Dr. Helrich was 34 years old in 1956, when he was selected to head the recently established department of anesthesiology at the University of Maryland School of Medicine.
"He does not mention that in 1956 he took a young anesthesiology department — whose methods were crude by today's standards — and built it into a place where the specialty flourished," said a University of Maryland School of Medicine tribute at the time of his 1988 retirement.
"He also does not mention that he started with a small department faculty and four doctors-in-training, and built it into a faculty of two dozen and more than 20 residents," said the profile.
At the time, the residency program was graduating far fewer anesthesiologists than Maryland needed. During those years, there were only 80 anesthesiologists in the state, with many hospitals not having a staff anesthesiologist.
By the time Dr. Helrich retired, more than 550 anesthesiologists were practicing in the state, with the majority having been trained at the University of Maryland.

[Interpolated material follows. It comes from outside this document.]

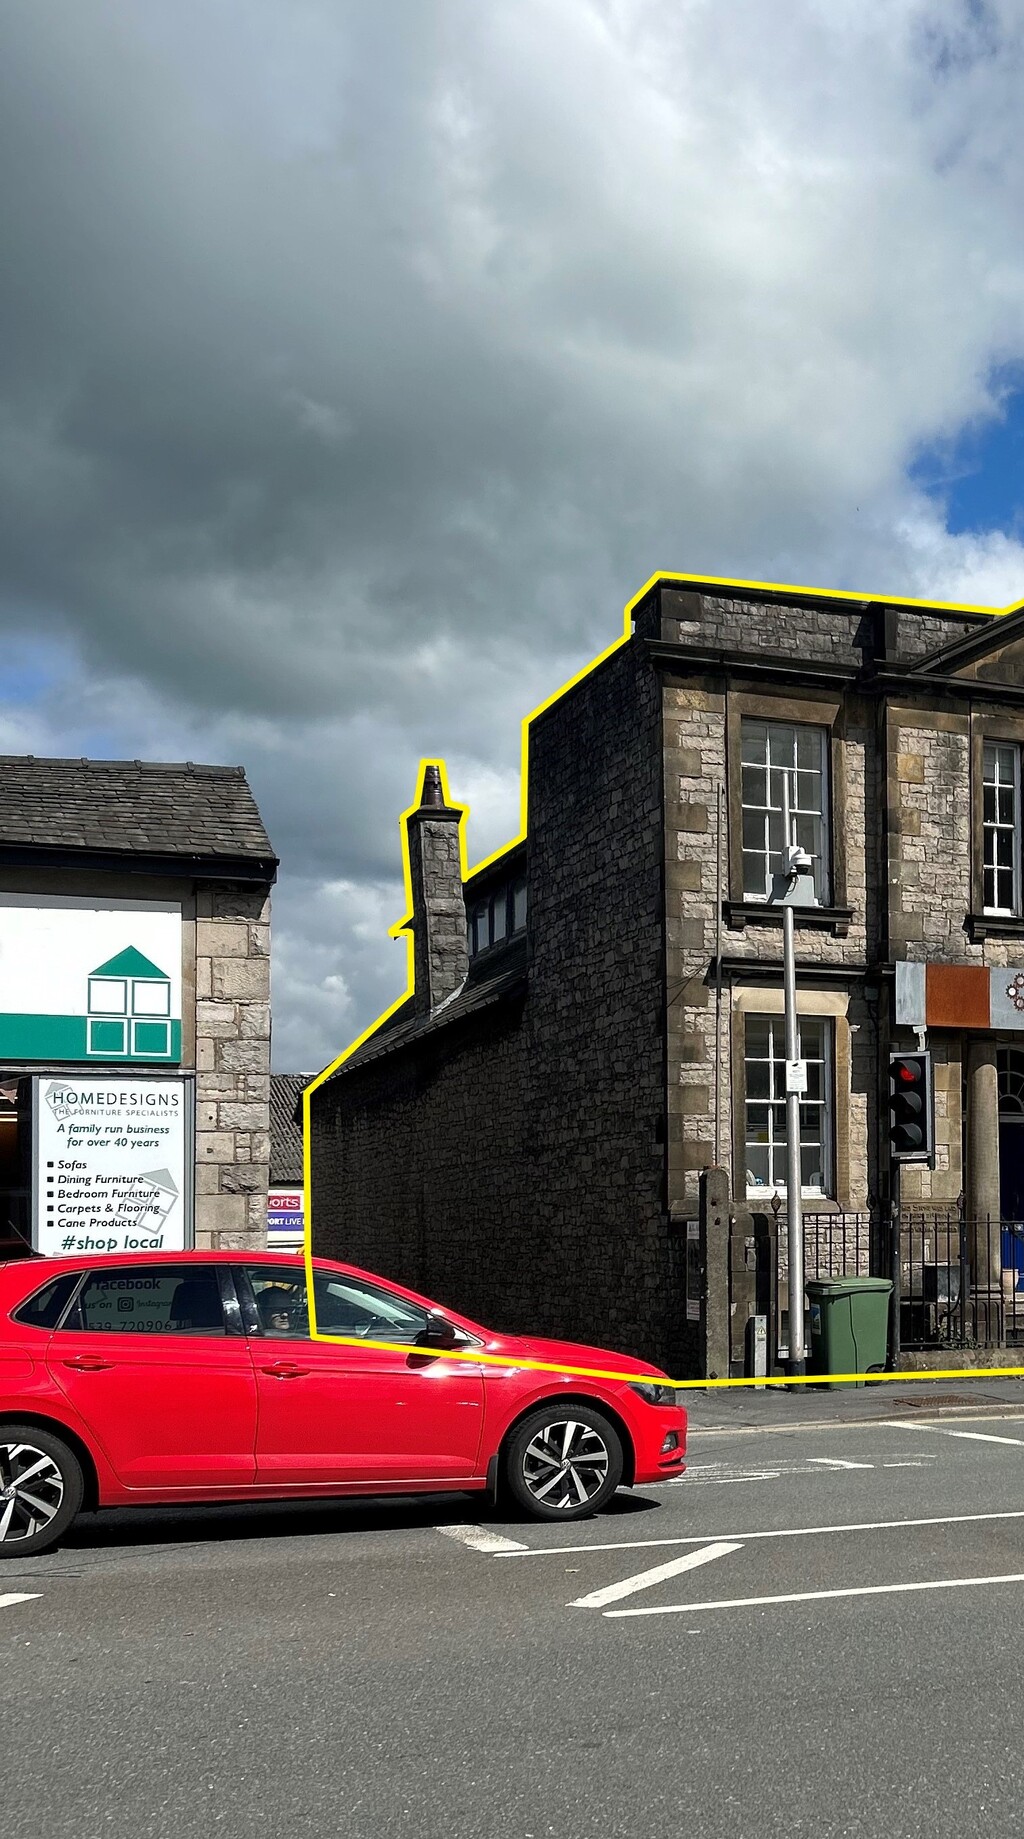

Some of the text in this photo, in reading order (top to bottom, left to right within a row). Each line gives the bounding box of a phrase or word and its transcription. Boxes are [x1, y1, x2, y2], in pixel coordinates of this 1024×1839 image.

"He was always a mentor and the kind of person you could easily go to when you had questions. He always had time and was really a father figure to me and so many others," said Dr. Etter, who completed his residency in anesthesiology at Maryland.
"He was an expert at what he did, and he wanted you to be an expert. He was kind and supportive and very, very sharp," said Dr. Etter.
Dr. Burton S. "Burt" Epstein , a friend of many years, is a retired Washington anesthesiologist.
"There are two things about Martin. First, he was a real mensch, and second, he was very loyal. He was such a nice guy and a very good administrator," said Dr. Epstein.
"Another amazing thing was that he was department chairman for as long as he was, and going through that kind of pressure, [he] was still able to do so much on the outside for our specialty. It really is so amazing," said Dr. Epstein.
He had served as president of the American Board of Anesthesiology and was a governor of the American College of Anesthesiologists and president of the Maryland-D.C. Society of Anesthesiologists.
His work earned him the Distinguished Service Award from the American Society of Anesthesiologists.
Dr. Helrich had also been a consultant to the old Baltimore City Hospitals, the U.S, Medical Center in Bethesda, the old U.S. Public Health Service Hospital in Wyman Park, and the Army Hospital at Fort Meade.
After retiring, Dr. Helrich founded and served from 1988 to 1999 as the first executive director of the Foundation for Anesthesia Education and Research, where he played an instrumental role in the foundation's growth and success. Two years ago, the foundation awarded $1.76 million in research grants.
With more than 90 papers, he maintained a keen interest in research, which was reflected in his review of applications for new drugs for the U.S. Food and Drug Administration and his service with the American Society of Pharmacology and Experimental Therapeutics.
The longtime Pikesville resident enjoyed photography and home improvement projects, and he was an avid reader. He was also a member of a men's discussion group and the Chatham Club.
He and his wife of 62 years, the former Ina Brunstein, a painter who founded the Maryland Artists Equity Foundation, enjoyed visiting museums and attending the theater and Baltimore Symphony Orchestra concerts.
Services were held Wednesday at Temple Oheb Shalom, where he was a longtime member.
In addition to his wife, Dr. Helrich is survived by two daughters, Lisa Helrich of Washington and Dr. Karen Helrich of Cardiff-by-the-Sea, Calif.; a brother, Kenneth Helrich of Marlboro, N.J.; a sister, Ruth Hyman of Margate City, N.J.; and two granddaughters.